■ Action item
Reproduce the records starting at the line that contains "this 1350×1800 image." and running to the last line, exactly and in full.
○ ○ ○ ○ ○ ○ ○
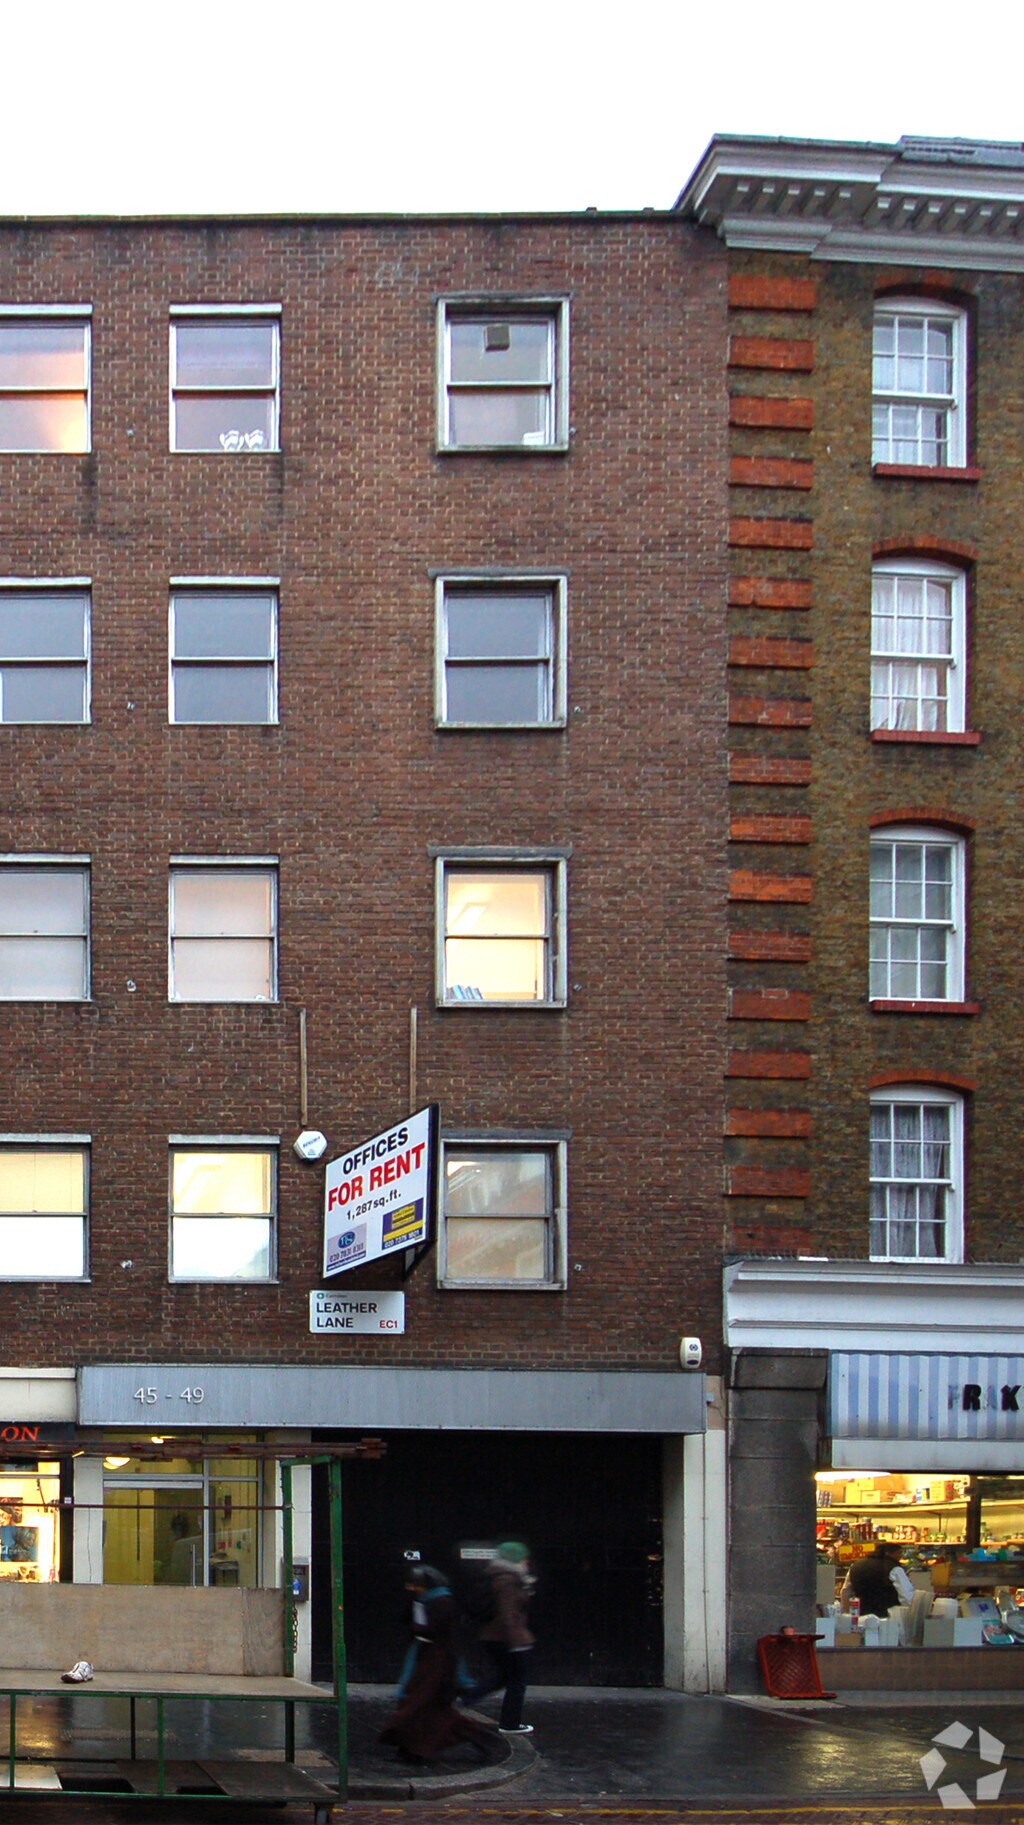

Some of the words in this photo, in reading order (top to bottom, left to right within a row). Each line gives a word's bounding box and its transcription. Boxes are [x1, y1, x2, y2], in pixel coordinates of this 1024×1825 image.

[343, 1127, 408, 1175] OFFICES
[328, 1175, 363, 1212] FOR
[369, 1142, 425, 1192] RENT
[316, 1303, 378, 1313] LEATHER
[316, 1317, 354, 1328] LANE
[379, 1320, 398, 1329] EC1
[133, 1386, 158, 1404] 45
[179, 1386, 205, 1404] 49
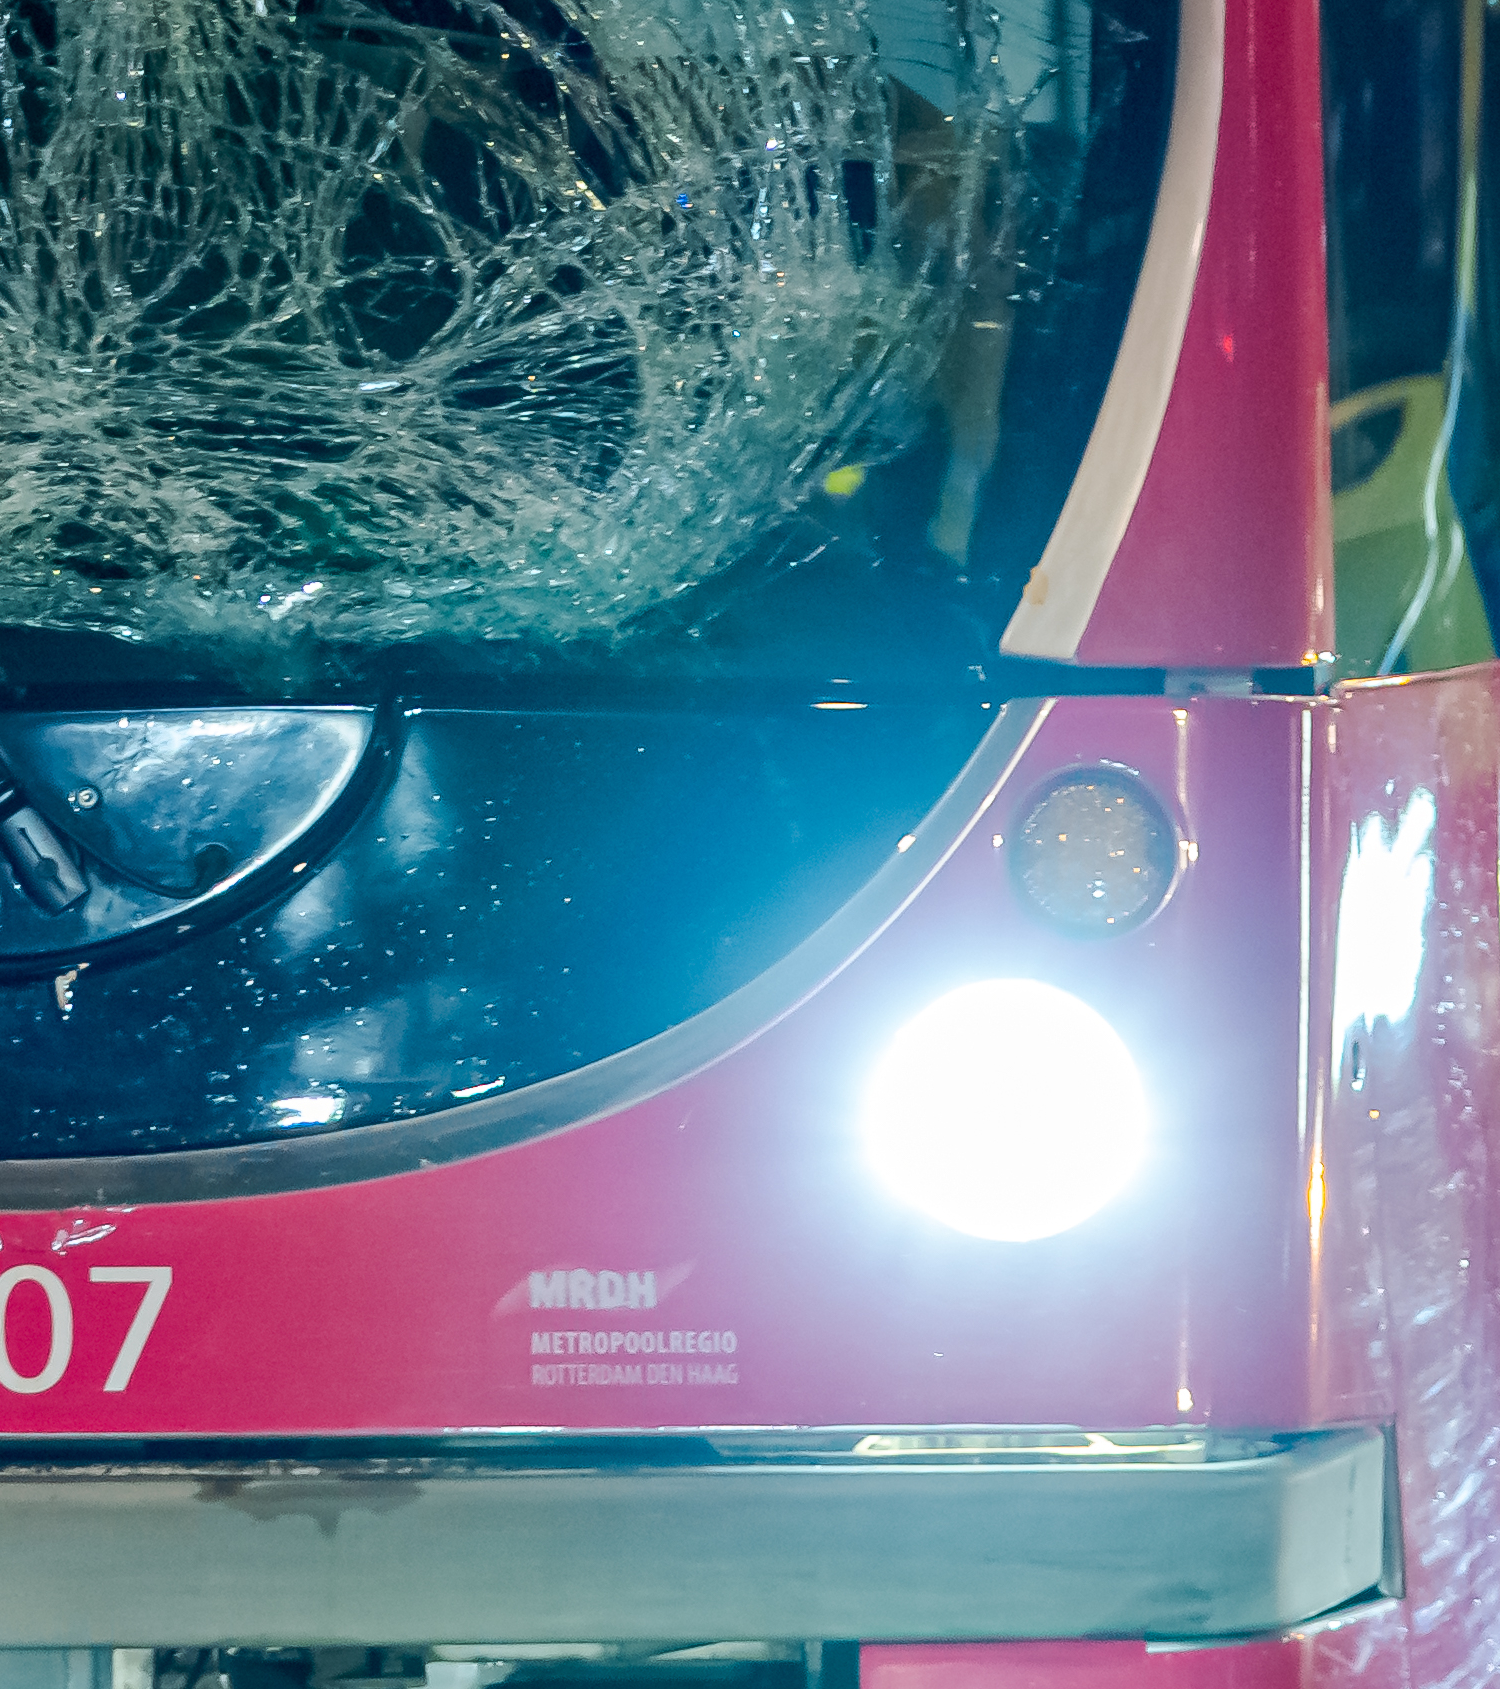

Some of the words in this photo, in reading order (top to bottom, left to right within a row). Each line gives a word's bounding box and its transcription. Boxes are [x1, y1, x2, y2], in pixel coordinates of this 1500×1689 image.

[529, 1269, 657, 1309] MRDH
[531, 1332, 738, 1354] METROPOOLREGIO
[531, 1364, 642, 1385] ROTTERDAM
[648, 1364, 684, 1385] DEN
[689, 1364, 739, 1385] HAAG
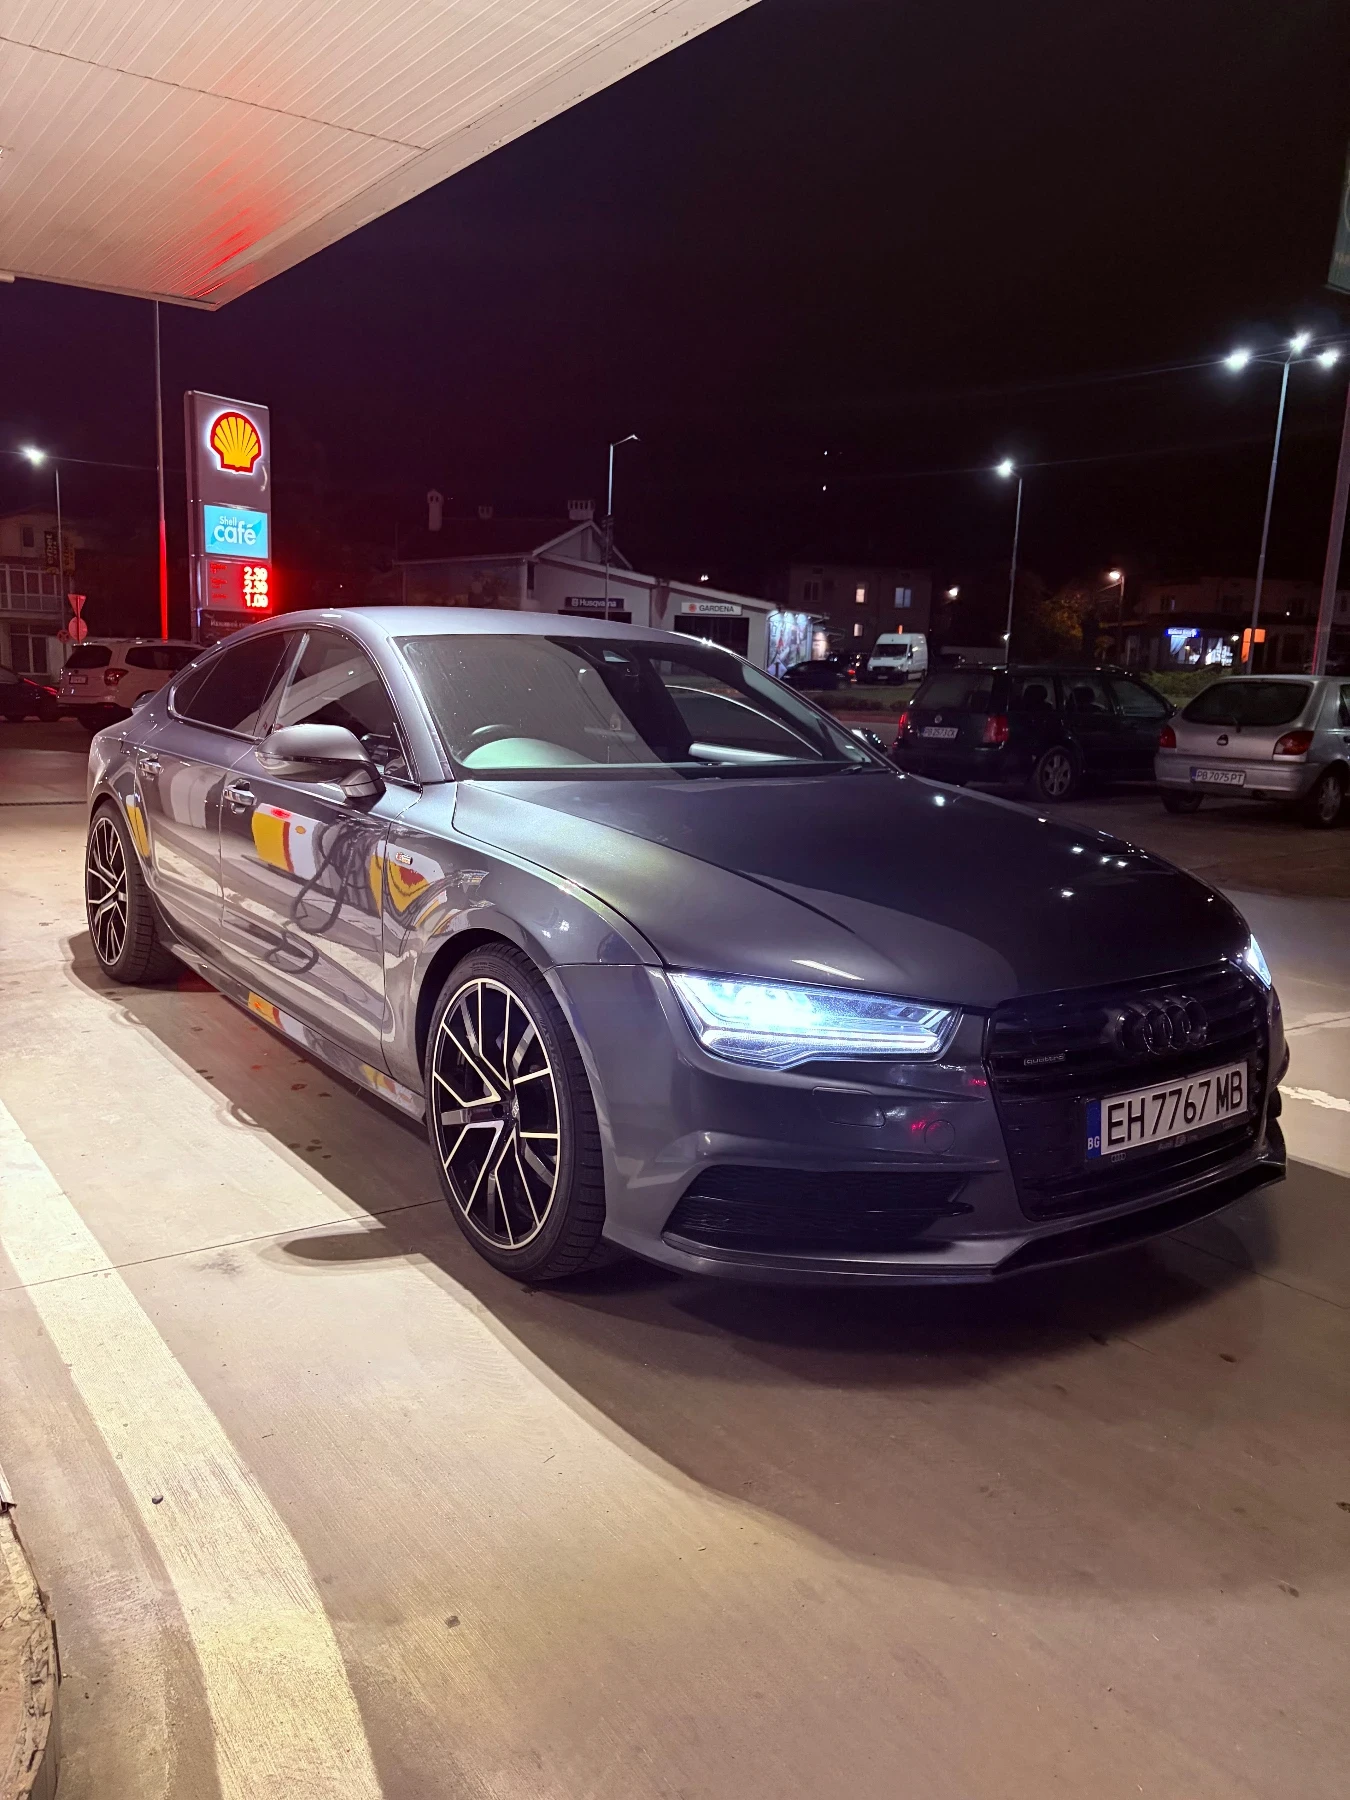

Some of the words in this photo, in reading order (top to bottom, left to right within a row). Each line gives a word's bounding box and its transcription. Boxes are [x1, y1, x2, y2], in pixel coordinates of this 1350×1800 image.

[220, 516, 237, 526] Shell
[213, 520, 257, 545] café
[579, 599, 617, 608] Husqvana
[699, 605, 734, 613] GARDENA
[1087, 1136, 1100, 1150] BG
○ ○ ○ ○ ○ ○ ○
■ Result of this task
Some of the words in this photo, in reading order (top to bottom, left to right within a row). Each line gives a word's bounding box and its transcription. Boxes are [x1, y1, x2, y2], in pixel coordinates of this 1350×1800 image.

[220, 516, 237, 526] Shell
[213, 520, 257, 545] café
[579, 599, 617, 608] Husqvana
[699, 605, 734, 613] GARDENA
[1087, 1136, 1100, 1150] BG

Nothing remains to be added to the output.